__DATASET CONTENT__
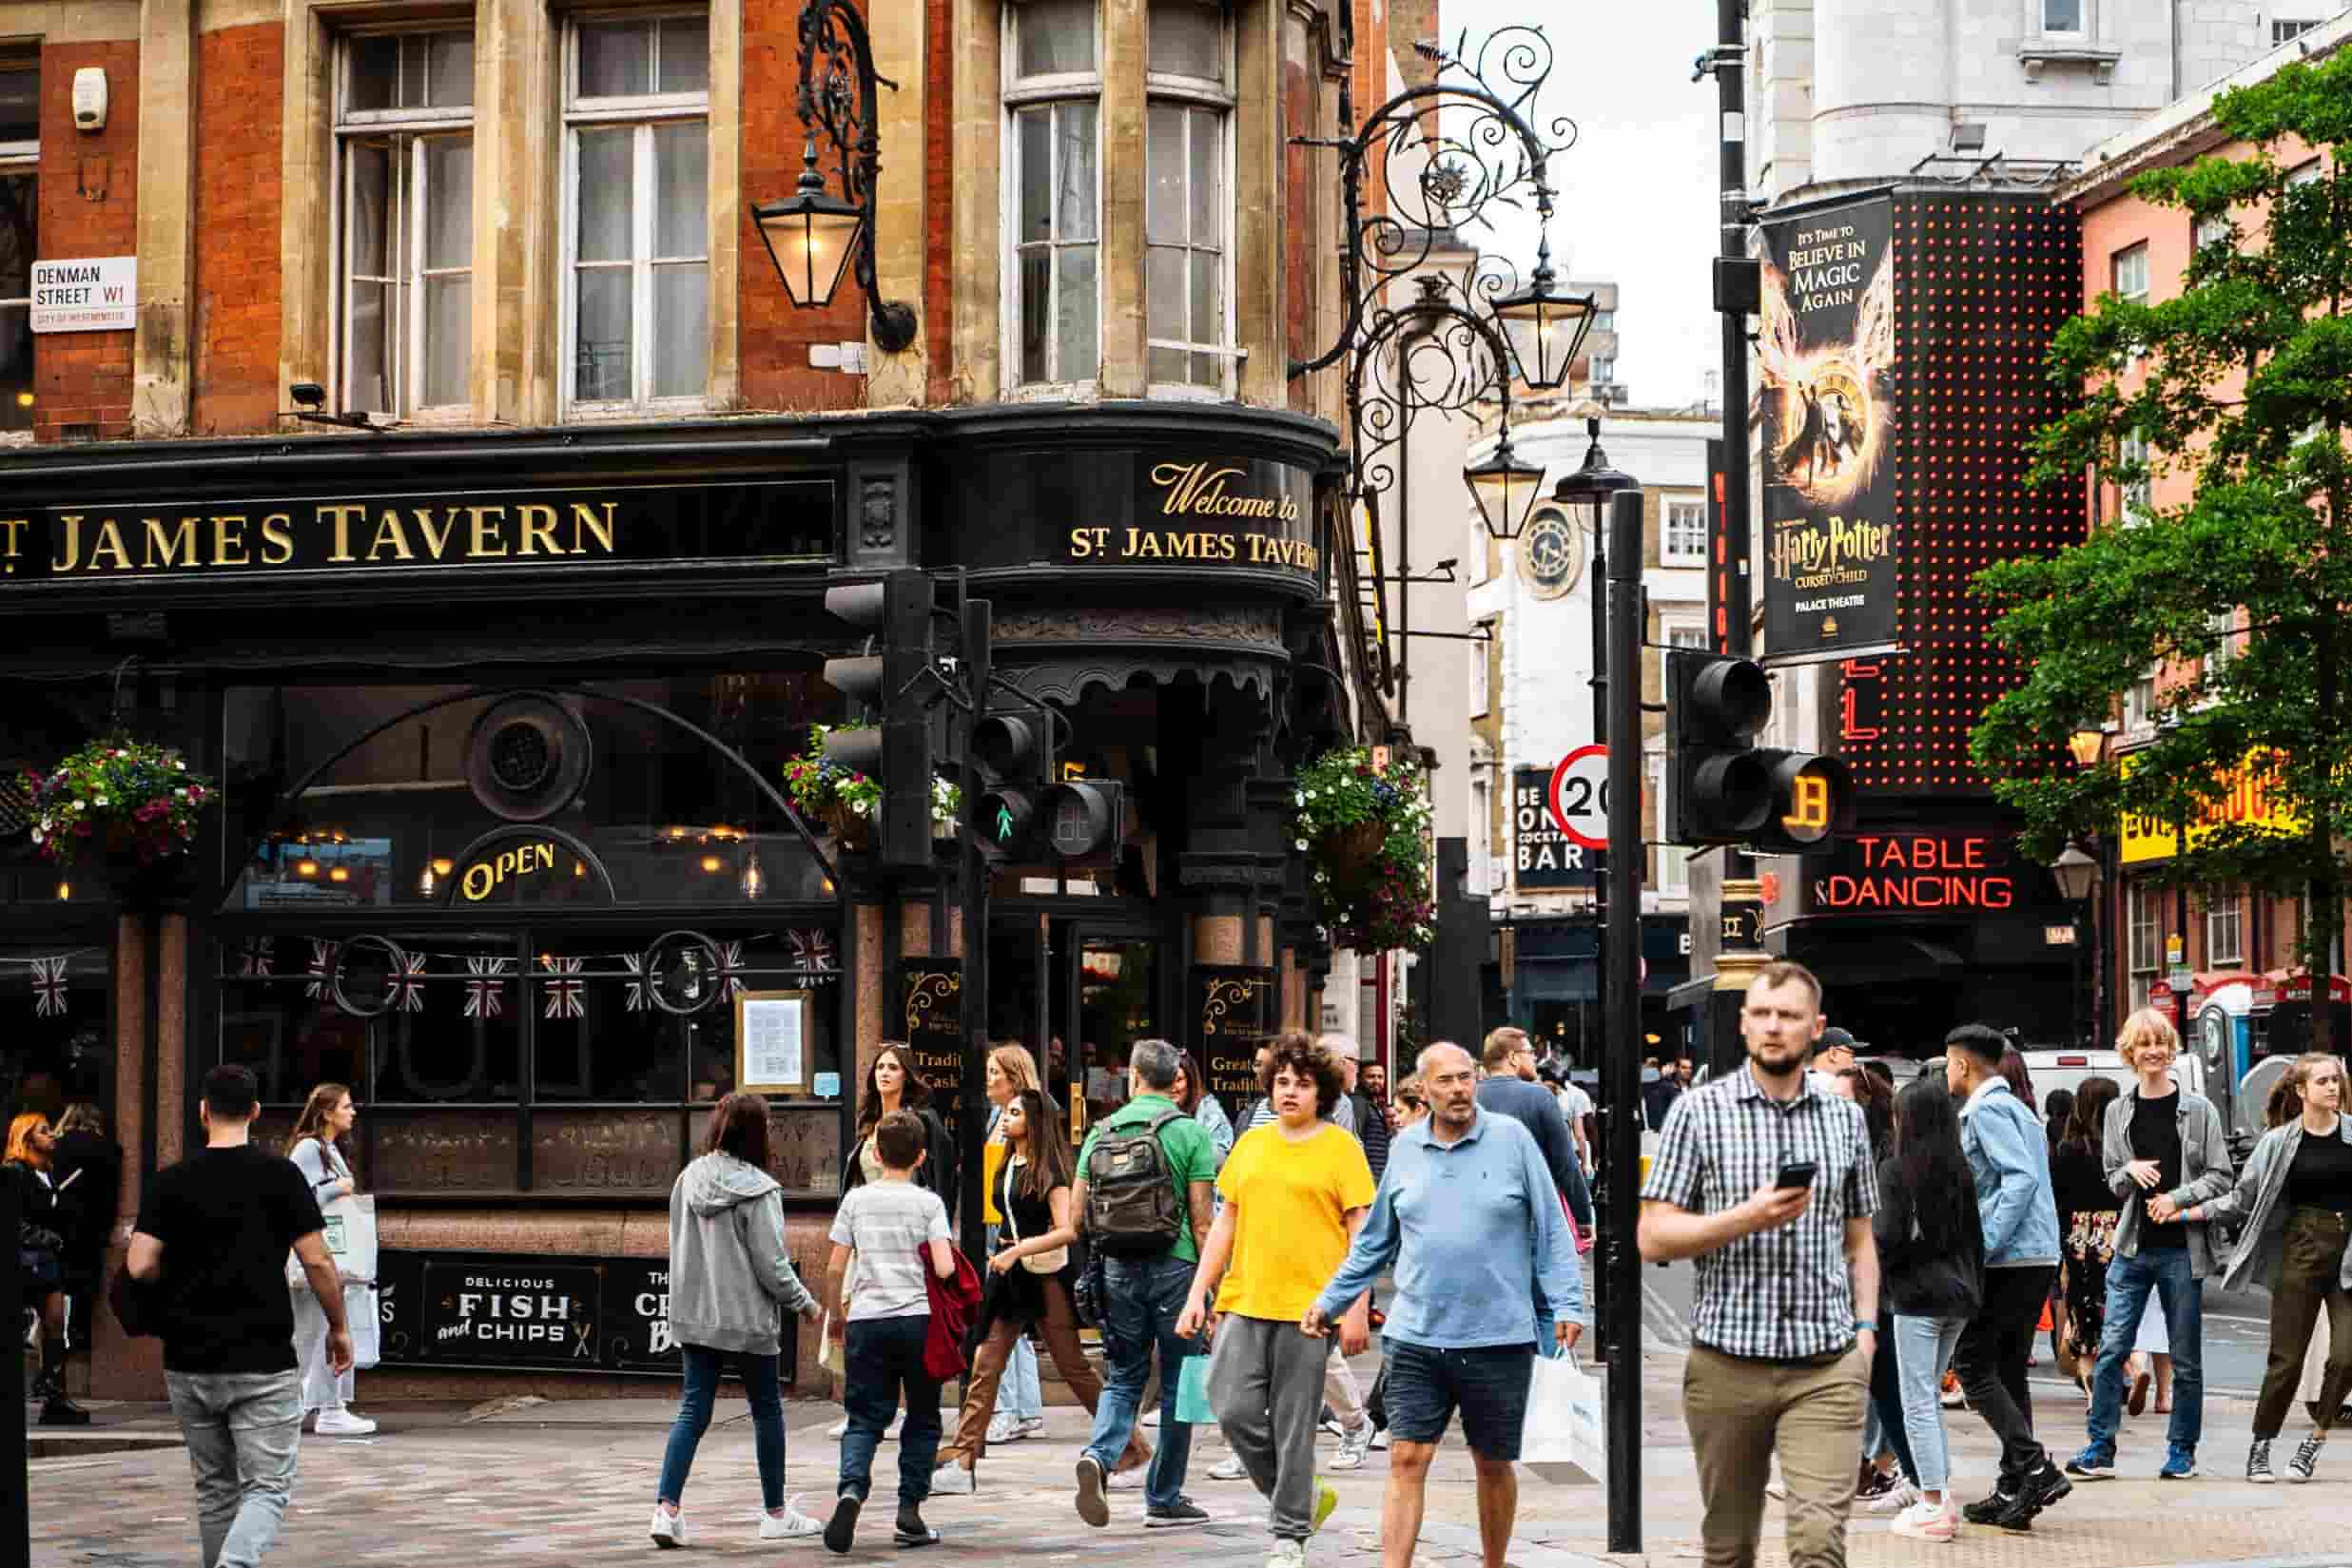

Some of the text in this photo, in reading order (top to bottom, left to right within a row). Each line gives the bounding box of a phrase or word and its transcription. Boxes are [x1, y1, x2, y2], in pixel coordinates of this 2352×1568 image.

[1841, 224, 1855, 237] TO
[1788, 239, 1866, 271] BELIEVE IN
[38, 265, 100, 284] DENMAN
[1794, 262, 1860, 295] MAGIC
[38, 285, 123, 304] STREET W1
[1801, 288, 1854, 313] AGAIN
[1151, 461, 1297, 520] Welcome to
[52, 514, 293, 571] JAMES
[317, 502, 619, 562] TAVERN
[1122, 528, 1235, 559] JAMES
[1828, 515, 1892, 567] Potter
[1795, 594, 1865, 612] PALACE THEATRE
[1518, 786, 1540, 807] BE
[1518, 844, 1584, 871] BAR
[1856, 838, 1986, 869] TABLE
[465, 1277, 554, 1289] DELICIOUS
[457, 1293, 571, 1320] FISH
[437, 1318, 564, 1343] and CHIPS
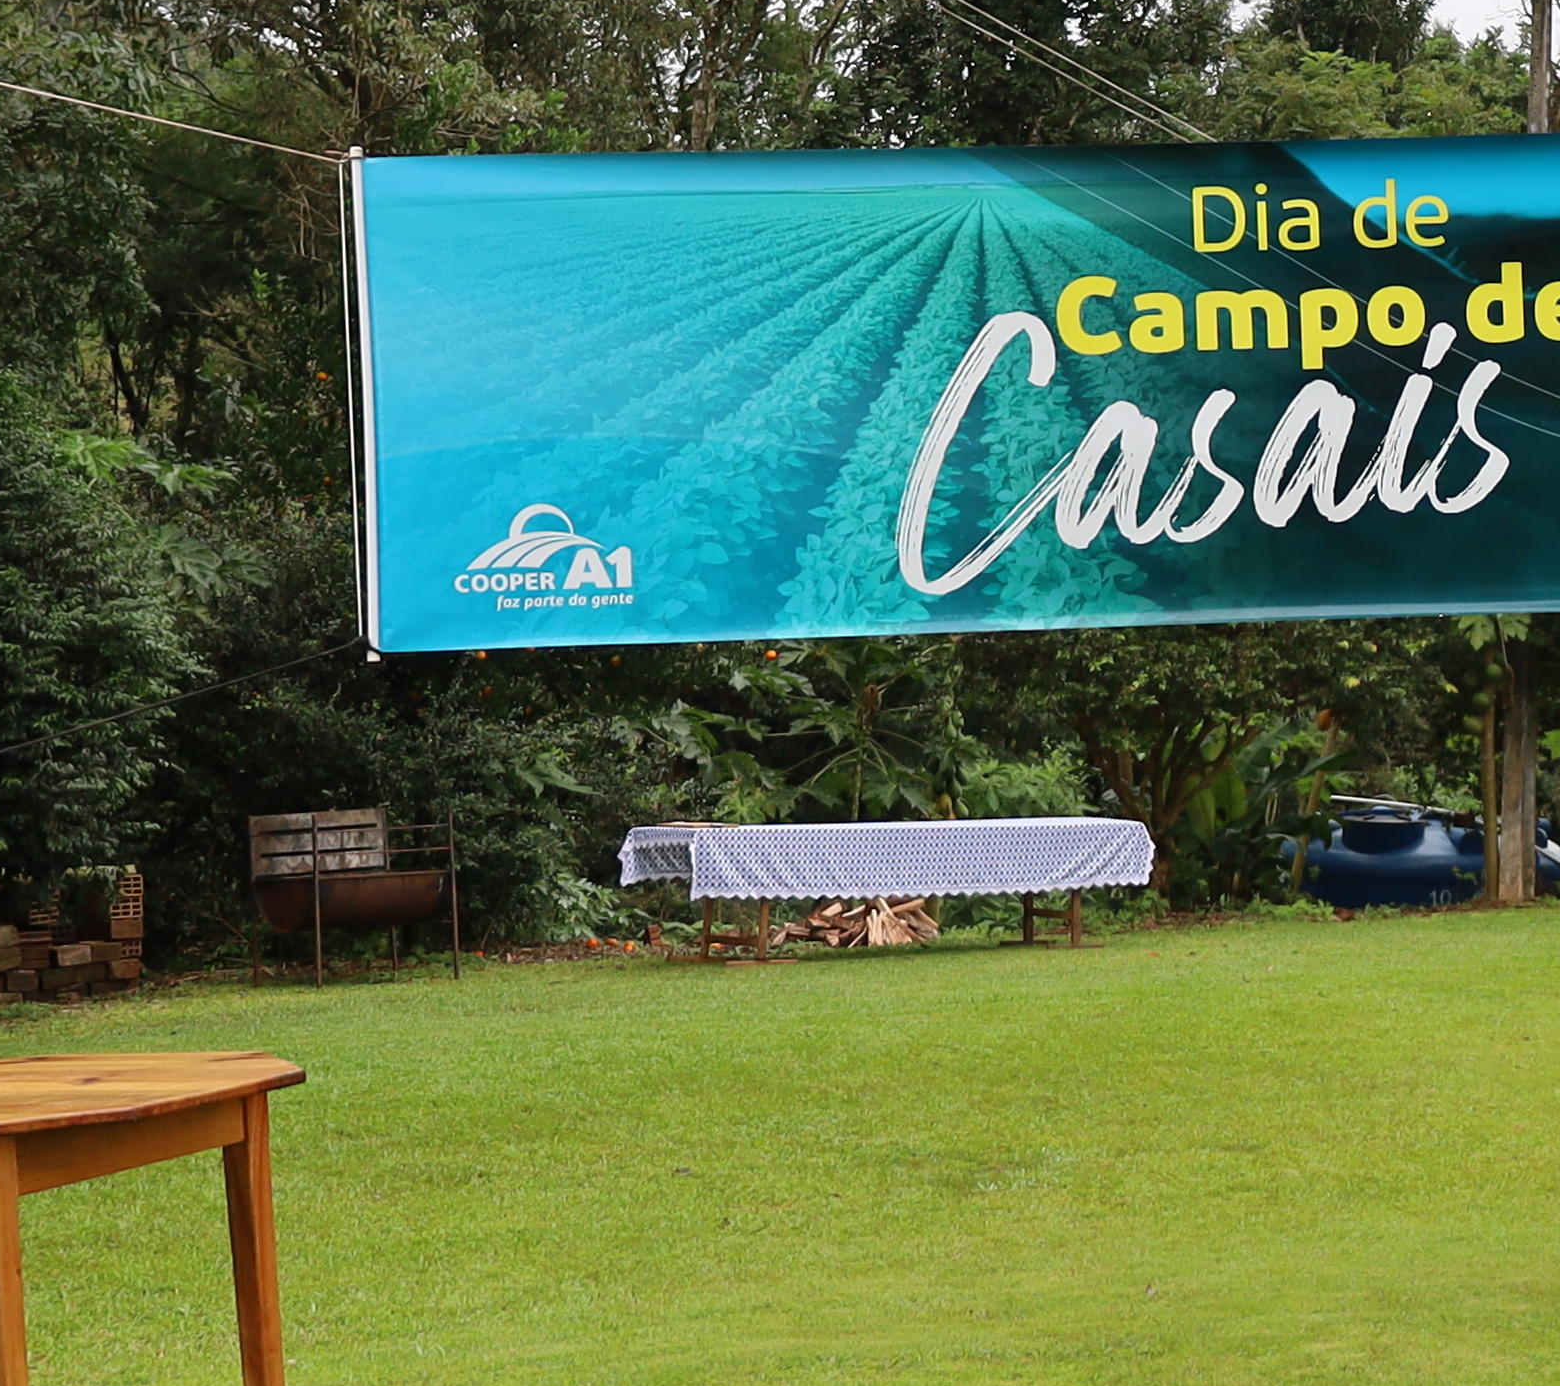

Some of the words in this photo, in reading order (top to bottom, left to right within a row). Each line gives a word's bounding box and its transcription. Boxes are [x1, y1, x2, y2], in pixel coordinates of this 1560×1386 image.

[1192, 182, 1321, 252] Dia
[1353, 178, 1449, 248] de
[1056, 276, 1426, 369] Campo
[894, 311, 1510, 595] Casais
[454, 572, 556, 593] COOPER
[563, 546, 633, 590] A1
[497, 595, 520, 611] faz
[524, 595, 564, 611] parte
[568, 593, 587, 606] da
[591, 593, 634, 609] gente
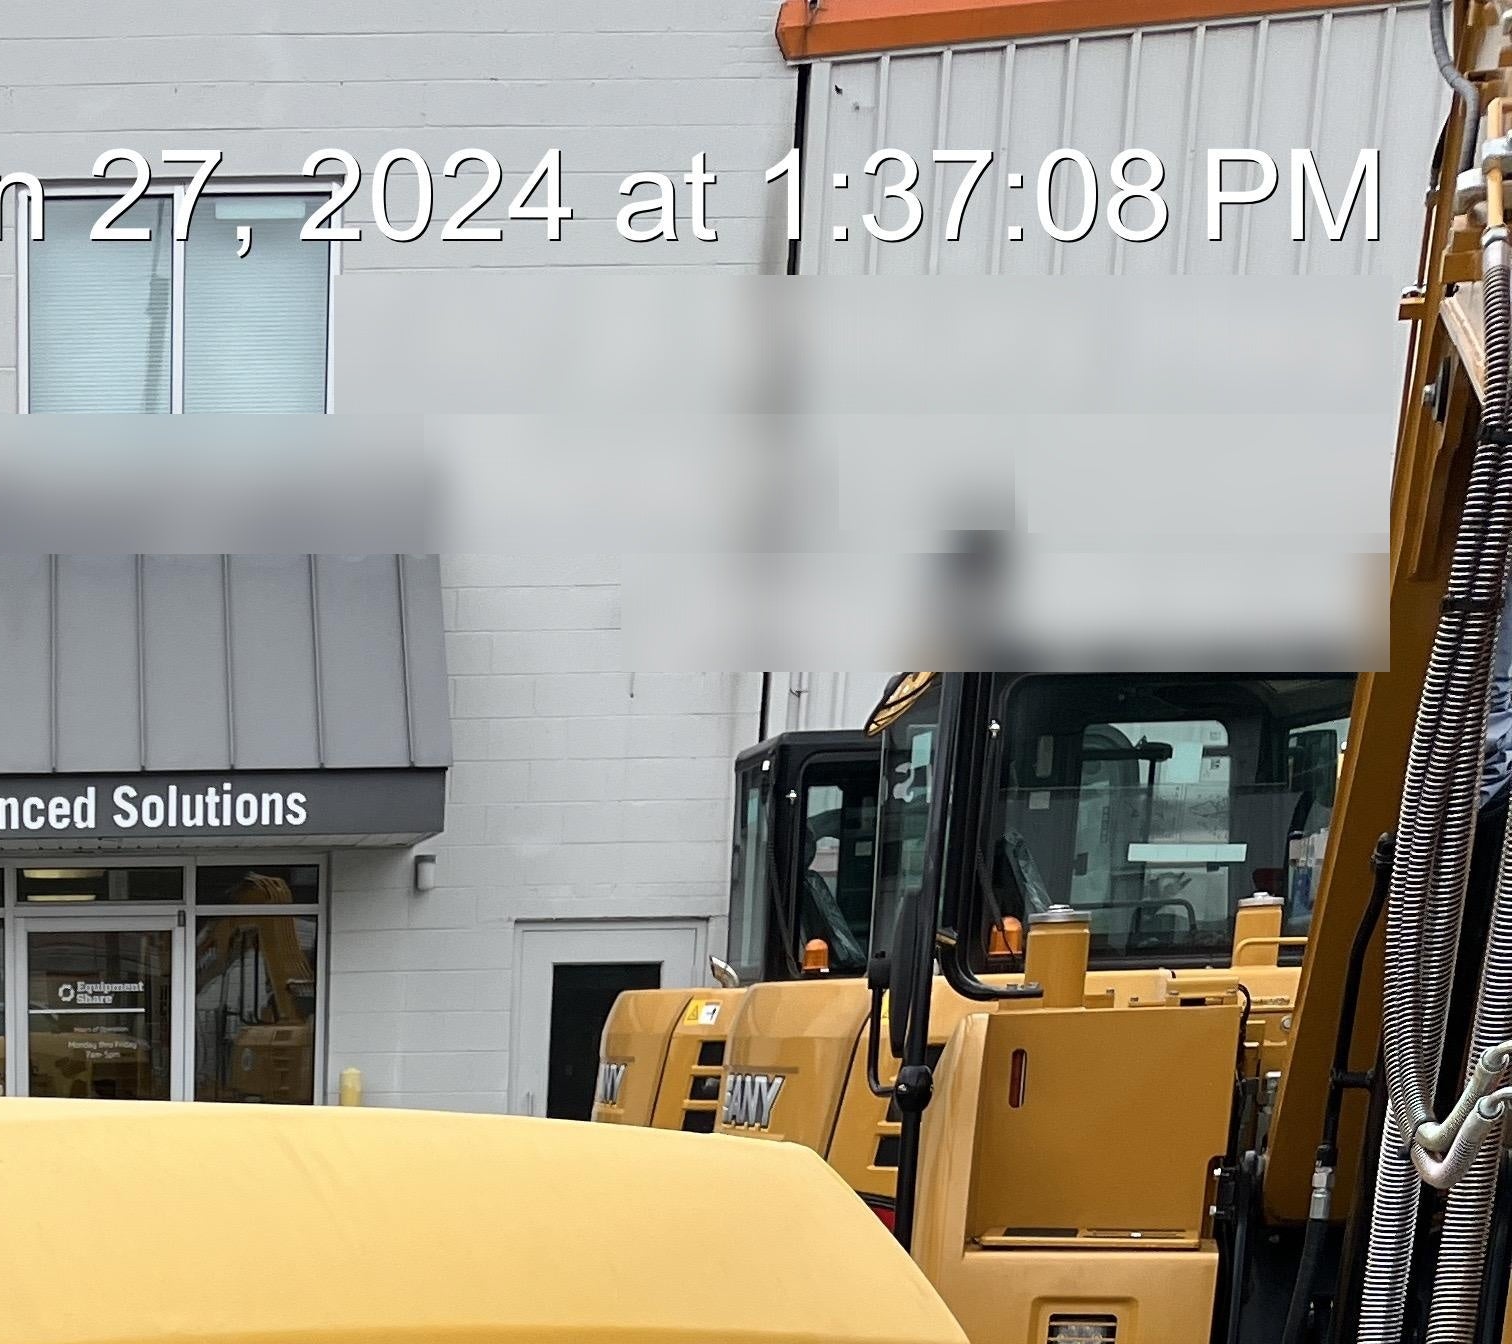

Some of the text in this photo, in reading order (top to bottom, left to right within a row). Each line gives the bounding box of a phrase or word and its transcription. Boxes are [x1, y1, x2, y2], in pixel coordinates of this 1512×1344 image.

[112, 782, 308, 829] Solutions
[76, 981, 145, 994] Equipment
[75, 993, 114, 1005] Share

__TO DO__
The answer must be the full listing above, copied exactly, with no pictures in it.

__WRITTEN RESPONSE__
Some of the text in this photo, in reading order (top to bottom, left to right within a row). Each line gives the bounding box of a phrase or word and its transcription. Boxes are [x1, y1, x2, y2], in pixel coordinates of this 2352×1568 image.

[1841, 224, 1855, 237] TO
[1788, 239, 1866, 271] BELIEVE IN
[38, 265, 100, 284] DENMAN
[1794, 262, 1860, 295] MAGIC
[38, 285, 123, 304] STREET W1
[1801, 288, 1854, 313] AGAIN
[1151, 461, 1297, 520] Welcome to
[52, 514, 293, 571] JAMES
[317, 502, 619, 562] TAVERN
[1122, 528, 1235, 559] JAMES
[1828, 515, 1892, 567] Potter
[1795, 594, 1865, 612] PALACE THEATRE
[1518, 786, 1540, 807] BE
[1518, 844, 1584, 871] BAR
[1856, 838, 1986, 869] TABLE
[465, 1277, 554, 1289] DELICIOUS
[457, 1293, 571, 1320] FISH
[437, 1318, 564, 1343] and CHIPS

Some of the words in this photo, in reading order (top to bottom, left to right within a row). Each line gives a word's bounding box and its transcription. Boxes are [x1, y1, x2, y2], in pixel coordinates of this 1560×1386 image.

[1192, 182, 1321, 252] Dia
[1353, 178, 1449, 248] de
[1056, 276, 1426, 369] Campo
[894, 311, 1510, 595] Casais
[454, 572, 556, 593] COOPER
[563, 546, 633, 590] A1
[497, 595, 520, 611] faz
[524, 595, 564, 611] parte
[568, 593, 587, 606] da
[591, 593, 634, 609] gente

Some of the text in this photo, in reading order (top to bottom, left to right within a row). Each line gives the bounding box of a phrase or word and its transcription. Boxes are [x1, y1, x2, y2], in pixel coordinates of this 1512×1344 image.

[112, 782, 308, 829] Solutions
[76, 981, 145, 994] Equipment
[75, 993, 114, 1005] Share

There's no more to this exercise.